| EXERCISE DIRECTIONS |
Down to the last line, reproduce the data below exactly.

• • • • •

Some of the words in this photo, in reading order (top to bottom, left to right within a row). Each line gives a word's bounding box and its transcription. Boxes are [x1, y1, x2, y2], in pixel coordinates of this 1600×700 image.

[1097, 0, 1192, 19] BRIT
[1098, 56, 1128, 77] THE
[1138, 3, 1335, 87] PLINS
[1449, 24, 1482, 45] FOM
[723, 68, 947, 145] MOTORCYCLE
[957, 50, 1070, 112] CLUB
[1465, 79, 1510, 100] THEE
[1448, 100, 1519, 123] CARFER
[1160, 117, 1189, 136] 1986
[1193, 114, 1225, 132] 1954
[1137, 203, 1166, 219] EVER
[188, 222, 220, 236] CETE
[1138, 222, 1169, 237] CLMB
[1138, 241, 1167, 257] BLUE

• • • • •

| WRITTEN RESPONSE |
Some of the words in this photo, in reading order (top to bottom, left to right within a row). Each line gives a word's bounding box and its transcription. Boxes are [x1, y1, x2, y2], in pixel coordinates of this 1600×700 image.

[1097, 0, 1192, 19] BRIT
[1098, 56, 1128, 77] THE
[1138, 3, 1335, 87] PLINS
[1449, 24, 1482, 45] FOM
[723, 68, 947, 145] MOTORCYCLE
[957, 50, 1070, 112] CLUB
[1465, 79, 1510, 100] THEE
[1448, 100, 1519, 123] CARFER
[1160, 117, 1189, 136] 1986
[1193, 114, 1225, 132] 1954
[1137, 203, 1166, 219] EVER
[188, 222, 220, 236] CETE
[1138, 222, 1169, 237] CLMB
[1138, 241, 1167, 257] BLUE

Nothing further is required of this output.